Comme vieux papier mâché

Sorti du coffre de l’enfance

Gardé par la poussière

En dernier rempart,

A l’ombre improbable

Des larmes d’étoiles

Evaporées en timide dignité

Par la lumière prétentieuse des hommes

Sur toutes les prières.

Départ du retour


Nous voici, à la sortie de son palais froid et pressé que nous semblons déjà oublier dans le départ d’un retour ou le retour d’un départ, dans un tunnel d’espaces grinçant de douleurs par sa lenteur du commencement et maniant le mouvement du monde en nous en rendant sourd. En franchissant la forêt de pilonnes, de poteaux et de lianes anthracites aux feuilles d’éclats furtifs dévorées par ce fameux lombric gourmand de fer et de verre, il me semble que fuient les plumes libres des exigences faibles dans la seule limite du couloir ferré que nous incarnons à chaque passage de chaque instant croisé.

La vitesse folle des frustrations ou insuffisante des envies se soumet au temps des étrangers de l’éternité qui se souviennent des bons mots de leur enfance obligée en guise d’échange de la tranquillité qui trouble, à l’instant, l’opportunité de la composition.
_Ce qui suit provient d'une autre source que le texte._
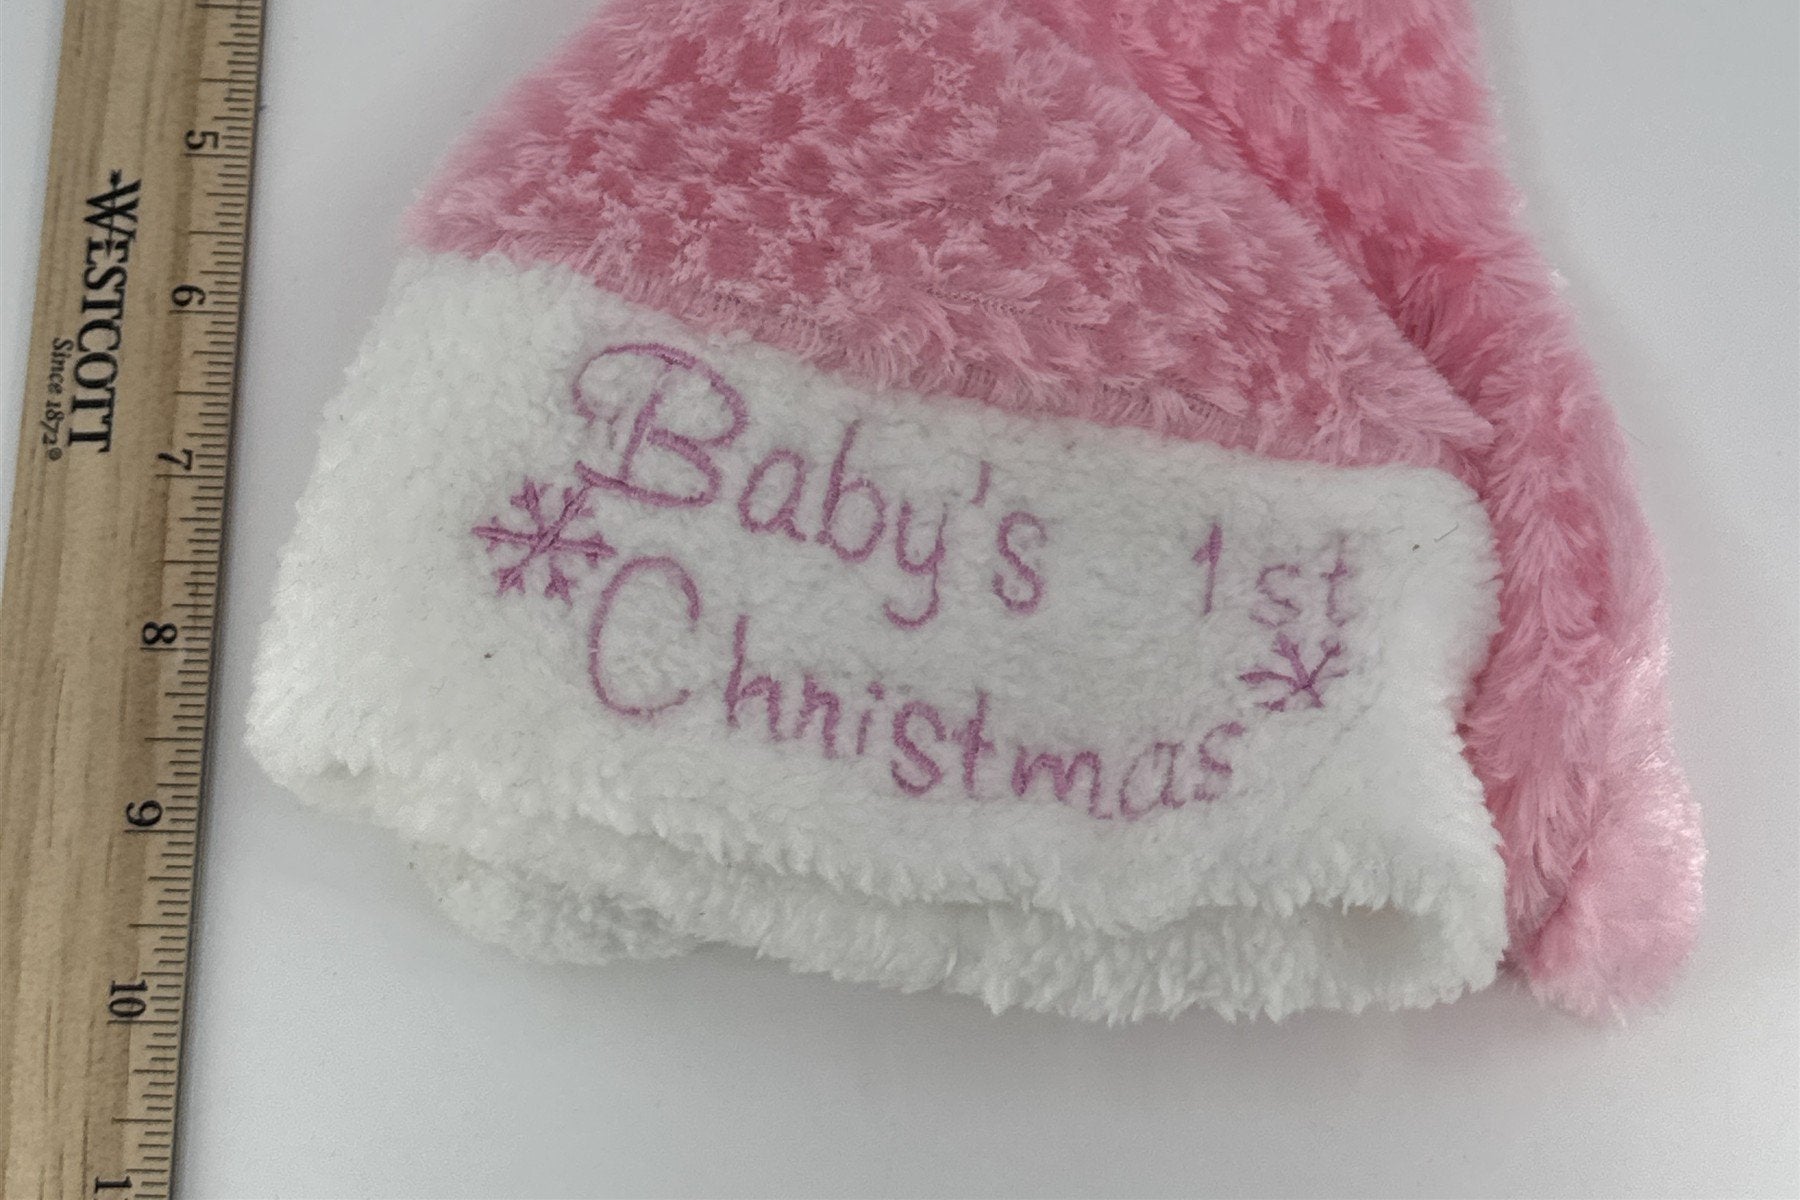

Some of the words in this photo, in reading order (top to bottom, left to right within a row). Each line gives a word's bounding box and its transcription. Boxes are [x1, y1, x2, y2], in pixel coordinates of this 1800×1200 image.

[183, 129, 220, 151] 5
[171, 284, 207, 308] 6
[67, 178, 142, 454] WESTCOTT
[47, 337, 75, 395] Since
[156, 448, 194, 471] 7
[571, 342, 1046, 628] Baby's
[1192, 520, 1357, 629] 1st
[142, 621, 178, 646] 8
[588, 555, 1248, 822] Christmas
[125, 799, 164, 828] 9
[107, 979, 149, 1019] 10
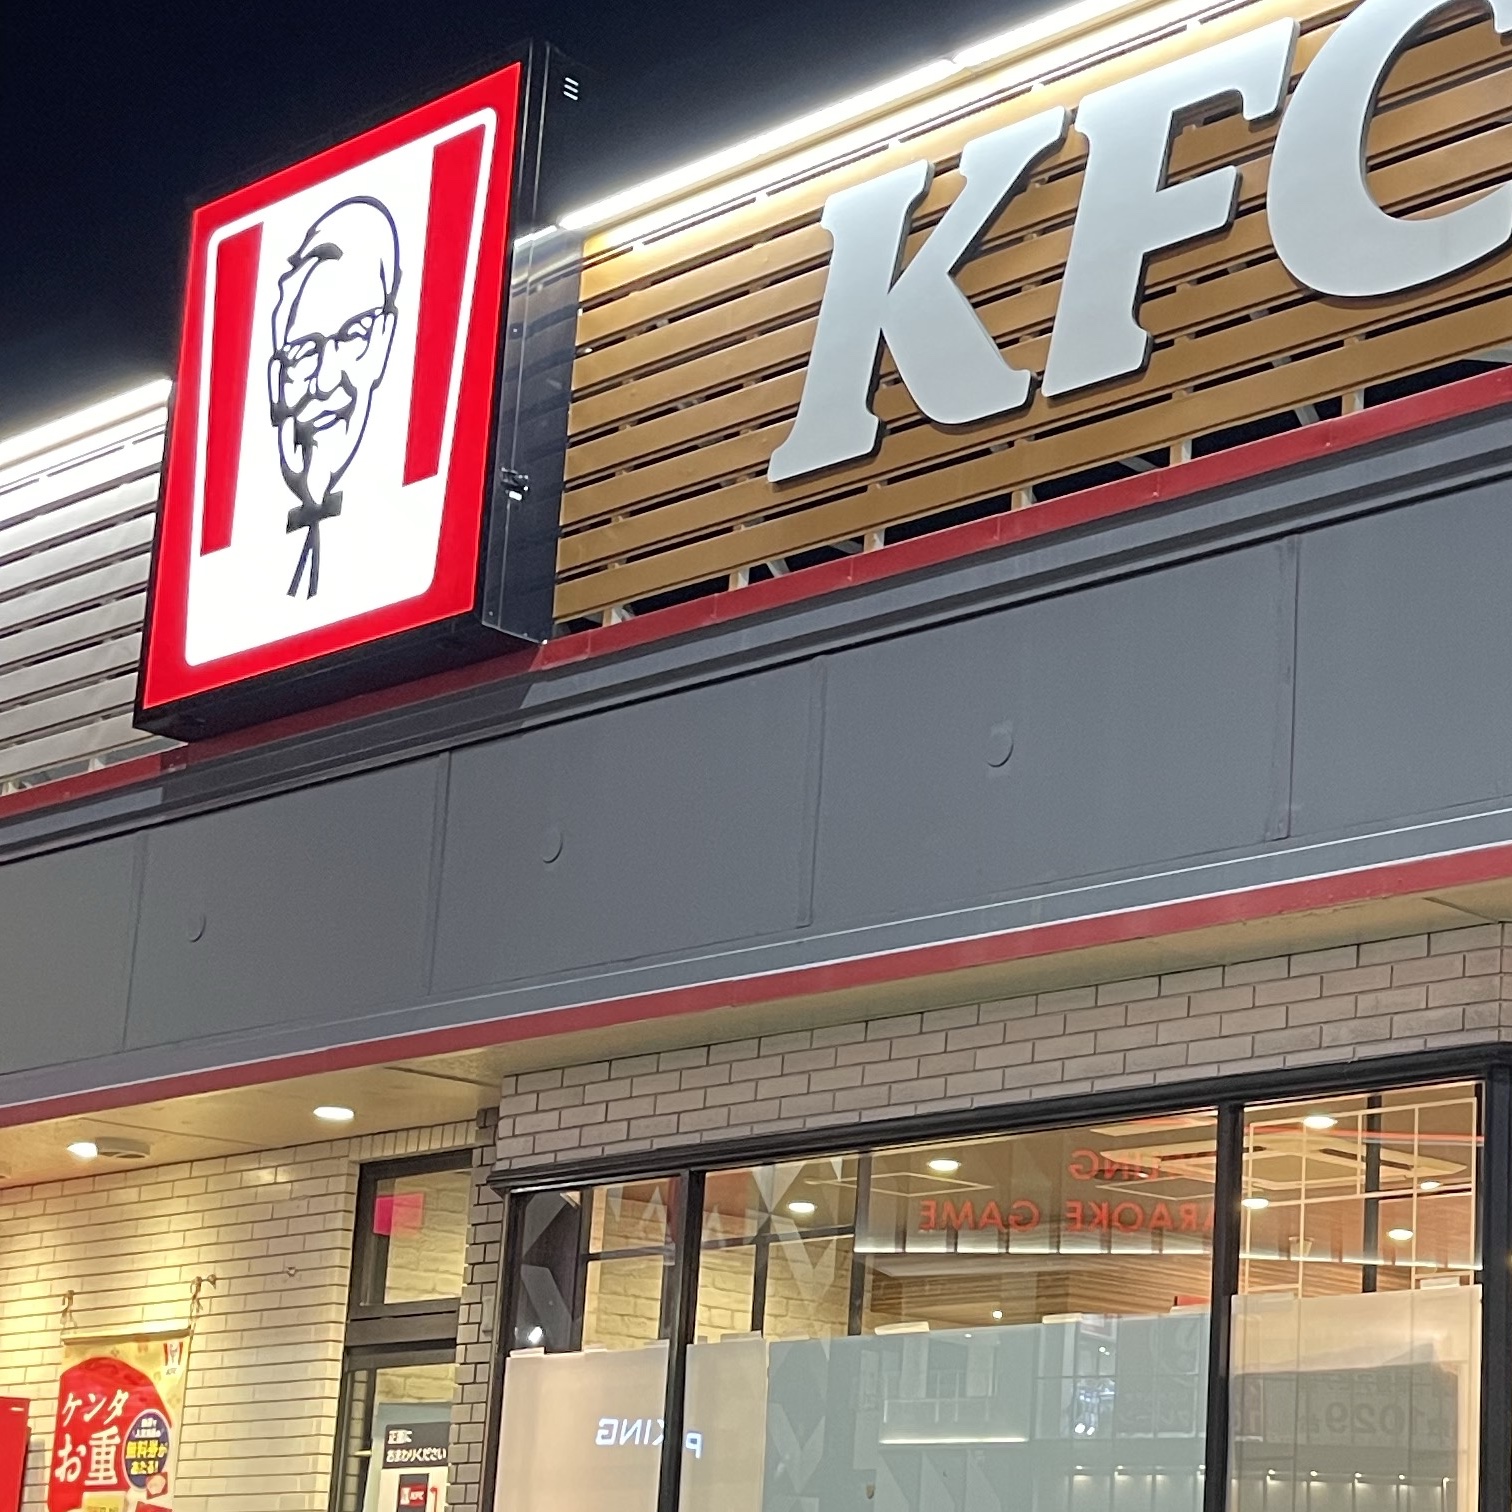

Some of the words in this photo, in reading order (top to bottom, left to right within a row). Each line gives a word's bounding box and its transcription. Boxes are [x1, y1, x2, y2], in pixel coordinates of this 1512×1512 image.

[61, 1388, 129, 1427] ケンタ
[54, 1425, 121, 1486] お重
[386, 1447, 446, 1463] おまわりください
Les vaches ont alors, au moins, l’œil de la vérité inutile.

Si l’exigence de la suprématie est liberticide, elle engendre ainsi un point de vue sagement trompeur et alors révélateur d’un moment qui file vers son chaos alternatif pour qui le voltage maîtrisé n’est même pas un grattouillis qui effleure la conscience gorgée d’excuses impalpables. En tout, l’importance est égocentrique.